Calcitriol as a biologically active form of vitamin D3 has beneficial effects on all body systems. This vitamin has a potent neuroprotective effect via several independent mechanisms against brain insults induced by anticancer drugs. The present study was designed to examine the neuroprotective effects of calcitriol against neurotoxicity induced by cisplatin.Induction of neurotoxicity was done with cisplatin administration (5mg/kg/week) for 5 successive weeks in male Wistar rats. The neuroprotective influence of calcitriol supplementation (100ng/kg/day for 5 weeks) was assessed through behavioral, electrophysiological, and molecular experiments.Cisplatin administration impaired spatial learning and memory and decreased prefrontal brain-derived neurotrophic factor (BDNF). Peripheral sensory neuropathy was induced through cisplatin administration.
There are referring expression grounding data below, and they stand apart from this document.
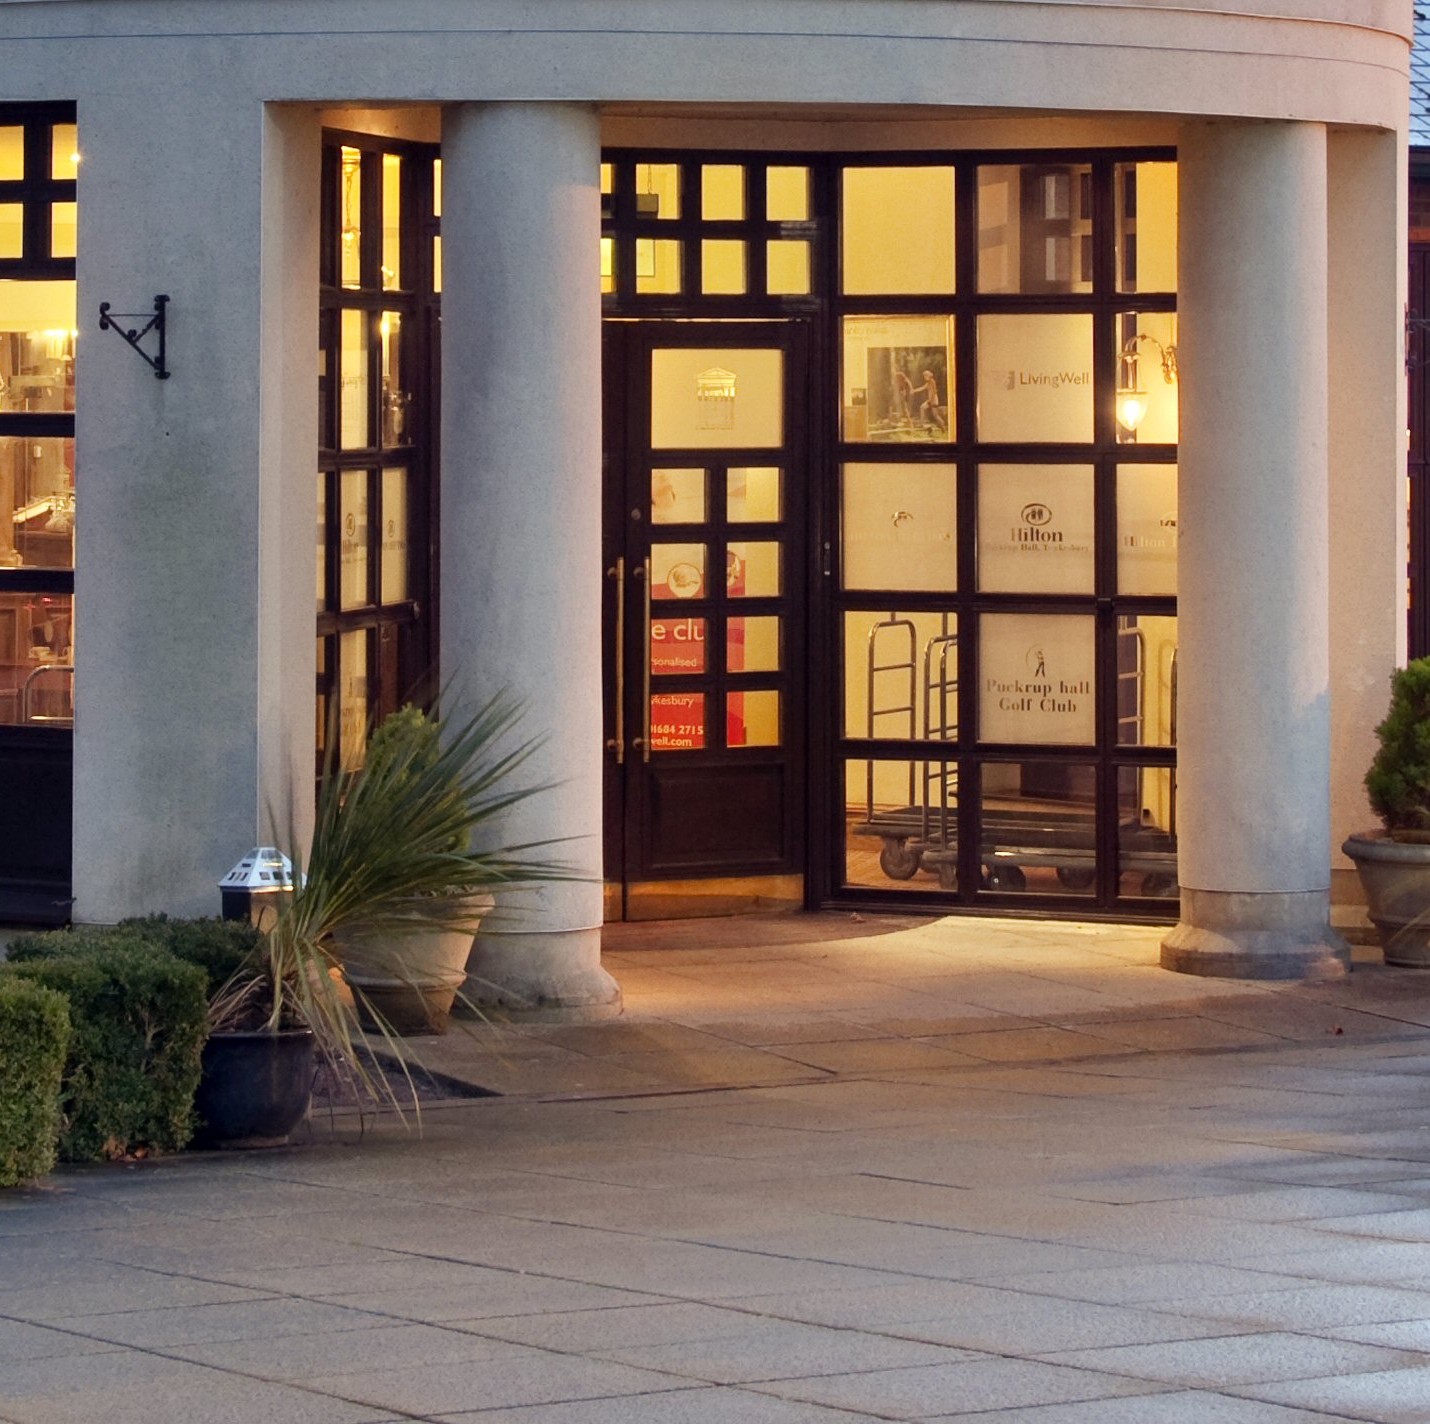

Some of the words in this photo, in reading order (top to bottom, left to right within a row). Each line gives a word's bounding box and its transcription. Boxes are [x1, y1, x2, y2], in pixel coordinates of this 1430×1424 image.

[1019, 371, 1090, 389] LivingWell
[1010, 526, 1063, 543] Hilton
[986, 678, 1052, 697] Puckrup
[998, 697, 1033, 712] Golf
[1039, 698, 1077, 713] Club
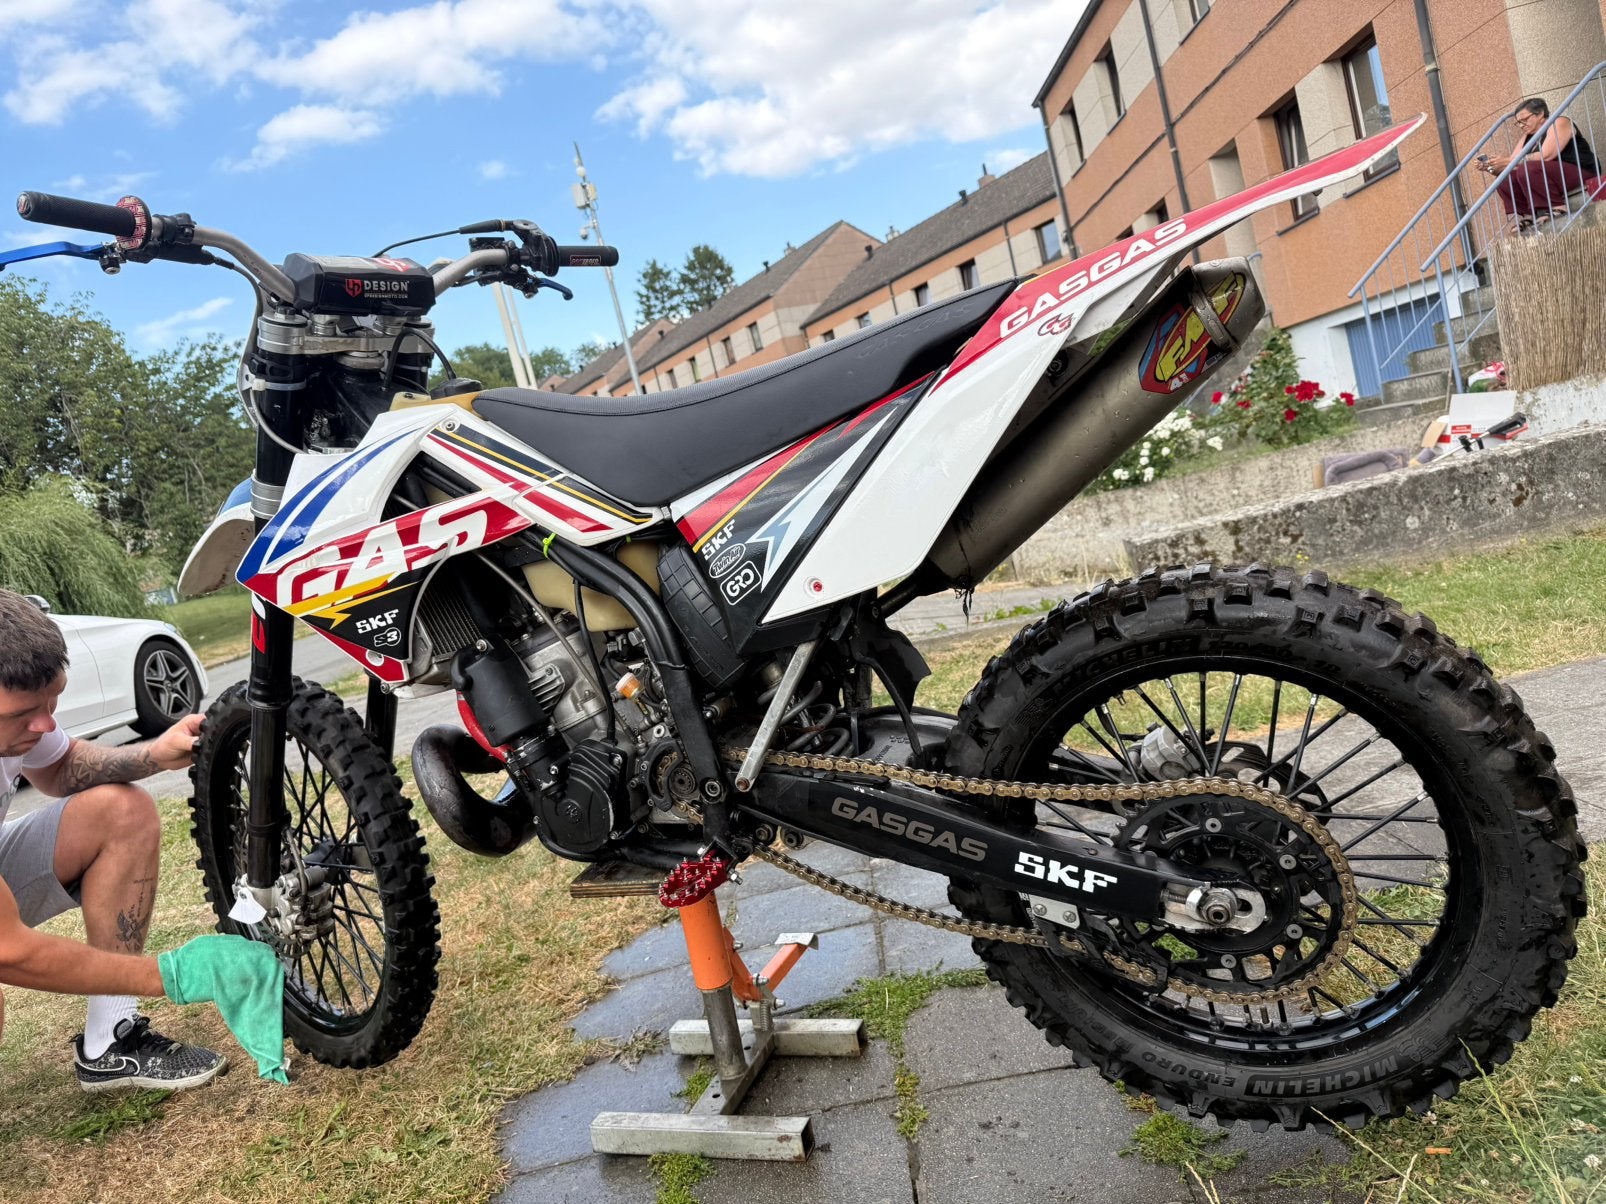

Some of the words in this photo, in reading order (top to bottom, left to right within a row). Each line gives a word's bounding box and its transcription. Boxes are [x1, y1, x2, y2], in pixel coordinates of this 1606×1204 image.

Cisplatin also reduced the amplitudes of the compound action potential of sensory nerves in electrophysiological studies. Cisplatin treatment elevated MDA levels and reduced anti-oxidant (SOD and GPx) enzymes. Pro-inflammatory cytokines (IL-1β and TNF-α) and metalloproteinase-2 and 9 (MMP-2/9) were augmented through treatment with cisplatin. Learning and memory impairments along with BDNF changes caused by cisplatin were amended with calcitriol supplementation. Reduced sensory nerve conduction velocity in the cisplatin-treated group was improved by calcitriol. Calcitriol partially improved redox imbalance and diminished the pro-inflammatory cytokines and MMP-2/9 levels.Our findings showed that calcitriol supplementation can relieve cisplatin-induced peripheral neurotoxicity. Calcitriol can be regarded as a promising new neuroprotective agent.